** Supplied material follows **

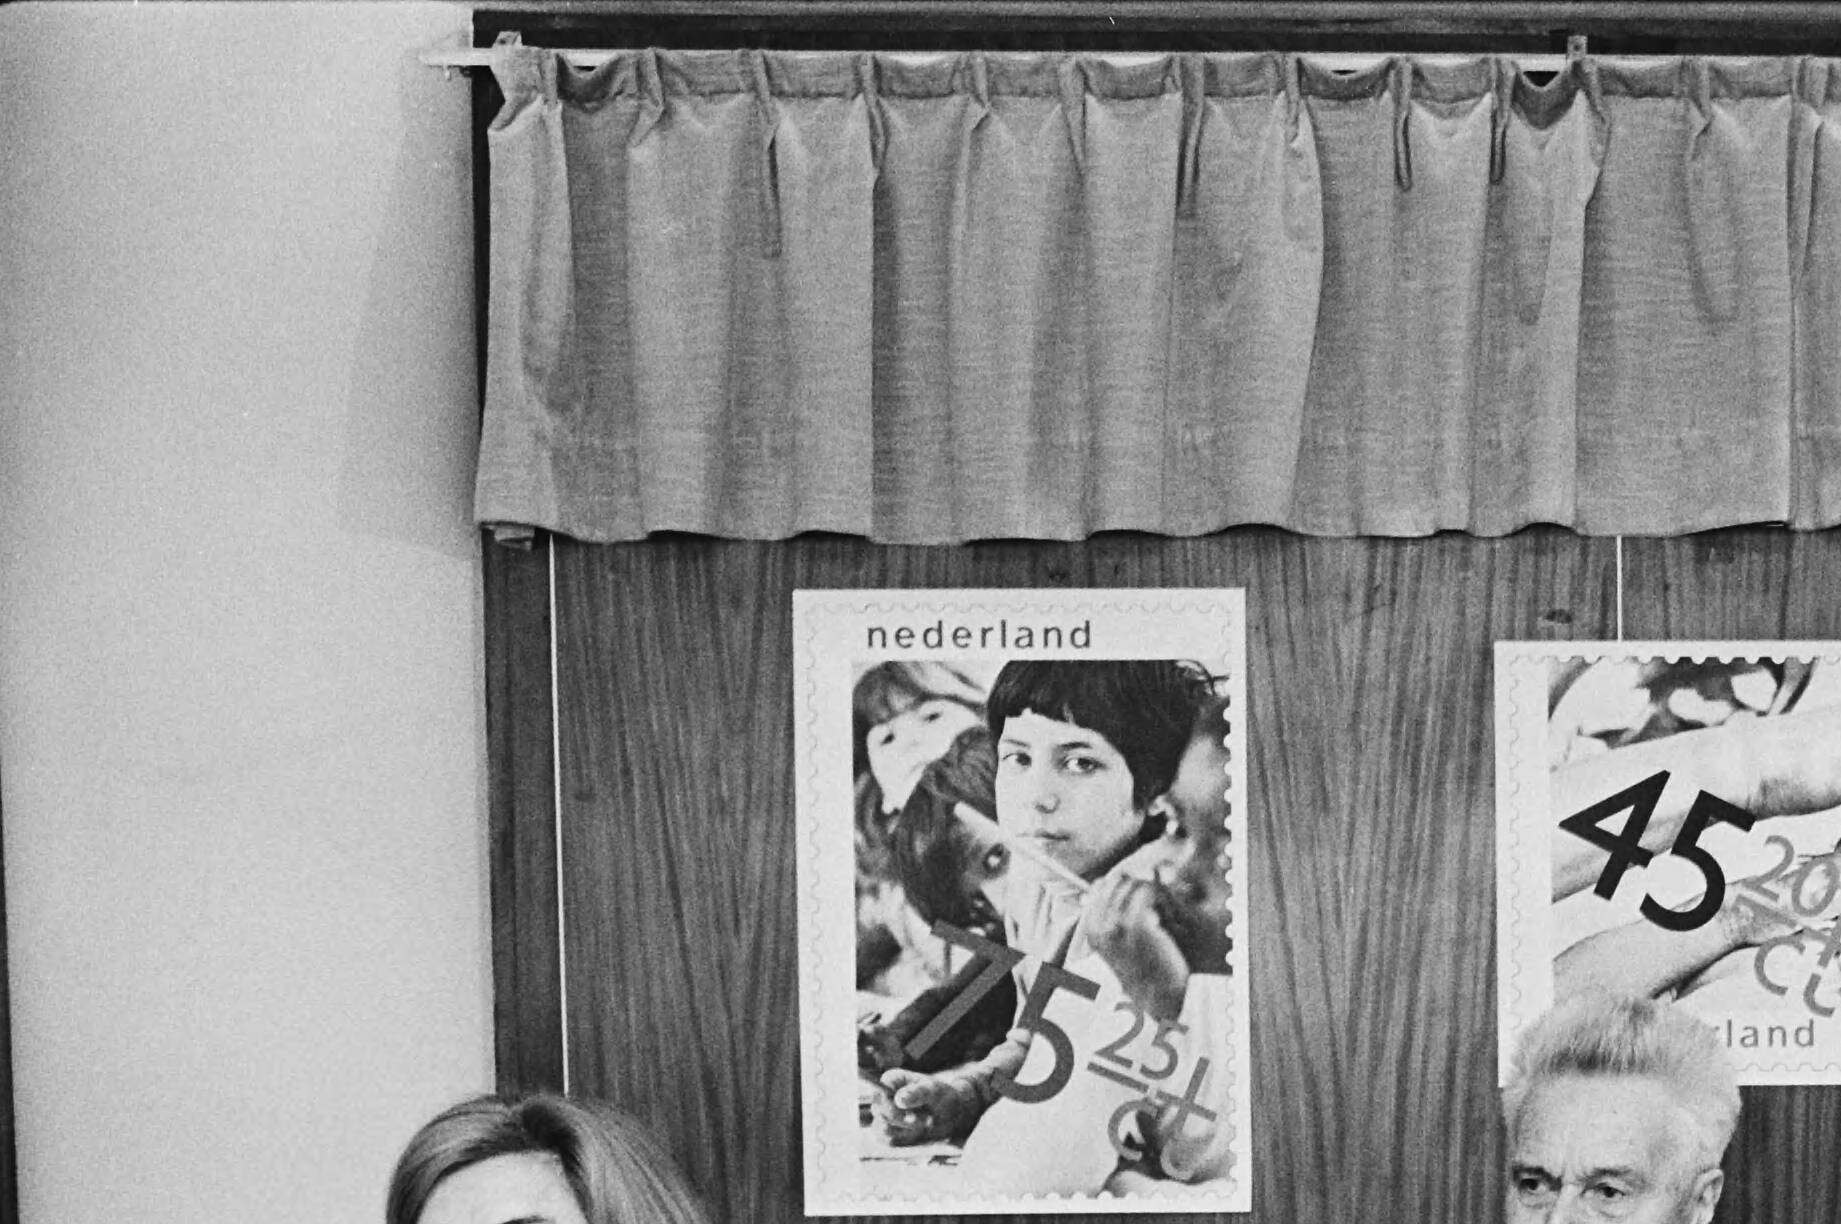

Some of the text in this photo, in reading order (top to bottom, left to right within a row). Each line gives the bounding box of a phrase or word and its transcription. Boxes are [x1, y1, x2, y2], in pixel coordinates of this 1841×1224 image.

[867, 619, 1091, 649] nederland
[1558, 769, 1840, 932] 45 20
[904, 919, 1190, 1104] 75 25
[1714, 1018, 1815, 1048] land
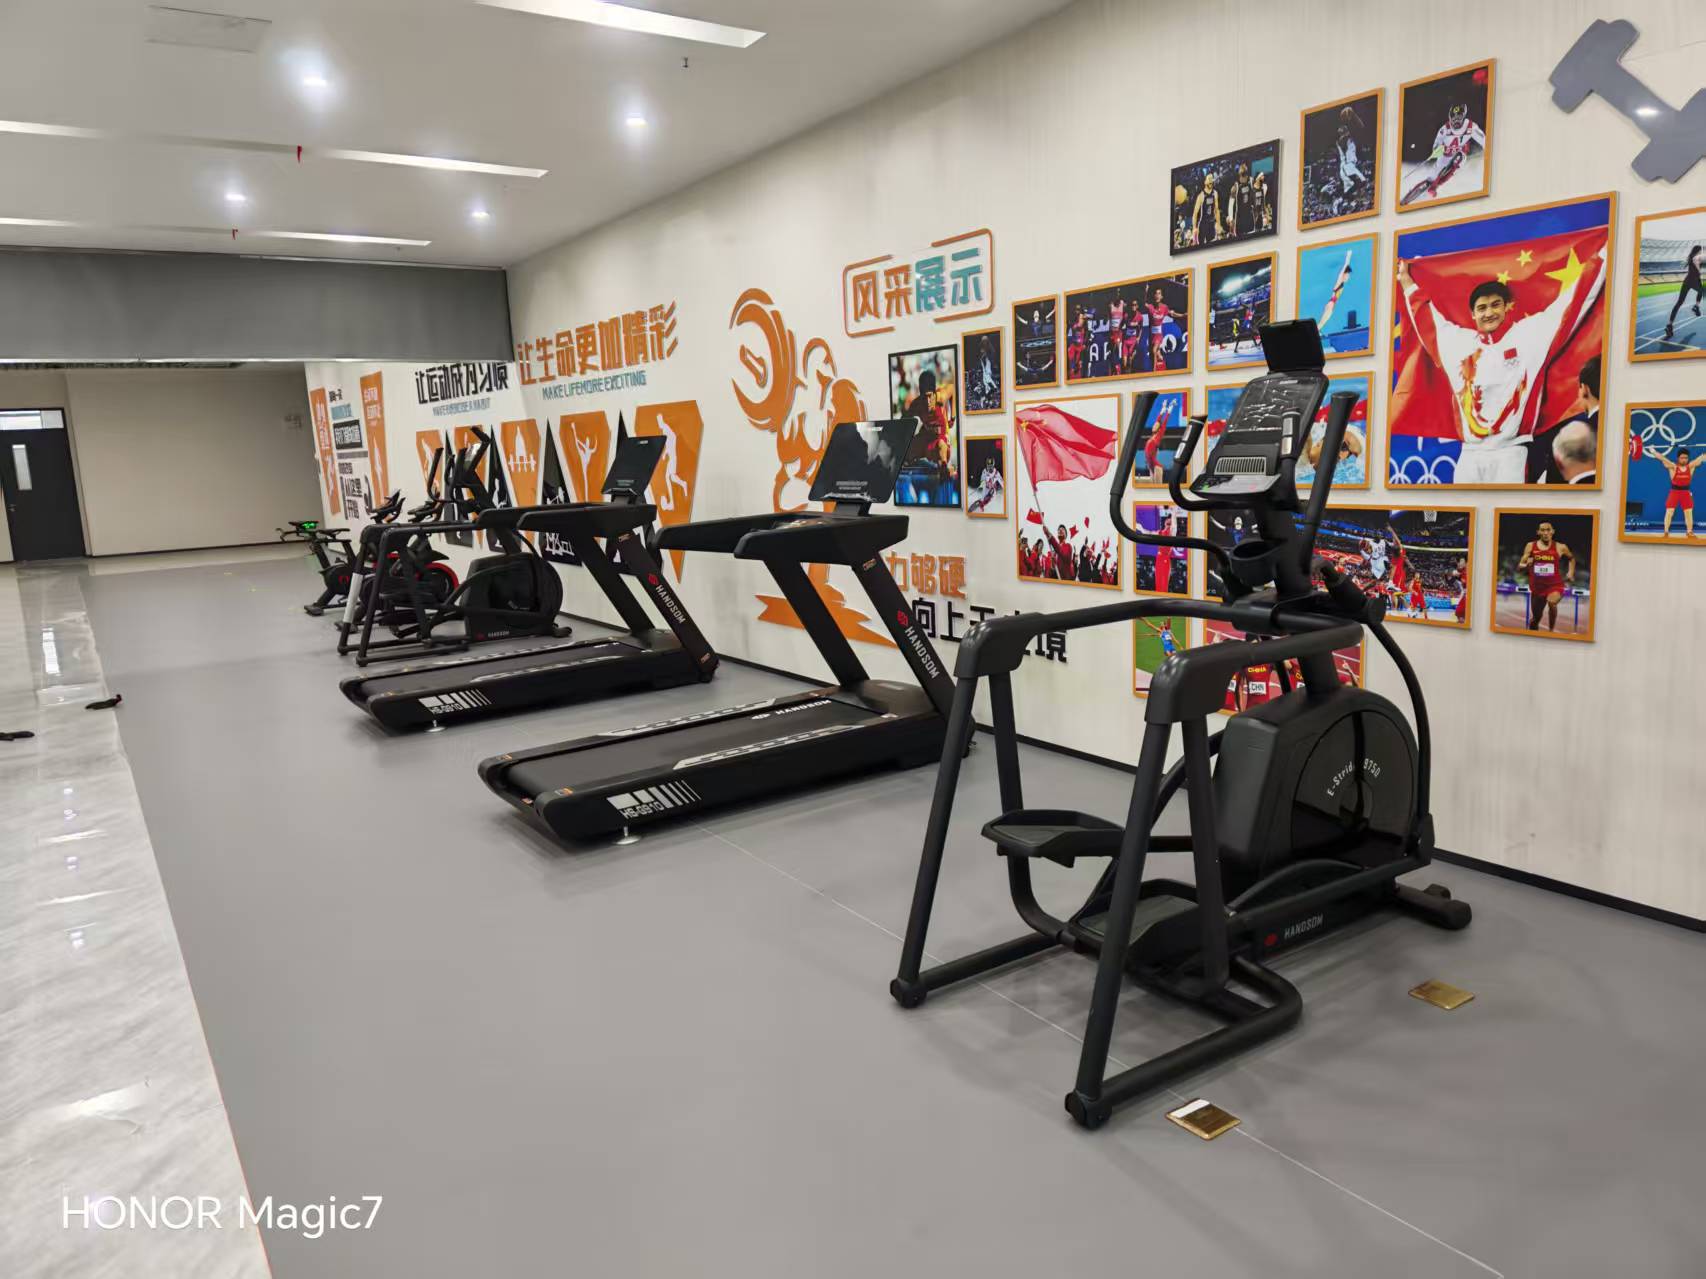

** End of Supplied material **

**What is needed:** Produce a verbatim copy of all records, minus pictures.

**Reply to the task:**
Some of the text in this photo, in reading order (top to bottom, left to right within a row). Each line gives the bounding box of a phrase or word and its transcription. Boxes are [x1, y1, x2, y2], in pixel coordinates of this 1841×1224 image.

[867, 619, 1091, 649] nederland
[1558, 769, 1840, 932] 45 20
[904, 919, 1190, 1104] 75 25
[1714, 1018, 1815, 1048] land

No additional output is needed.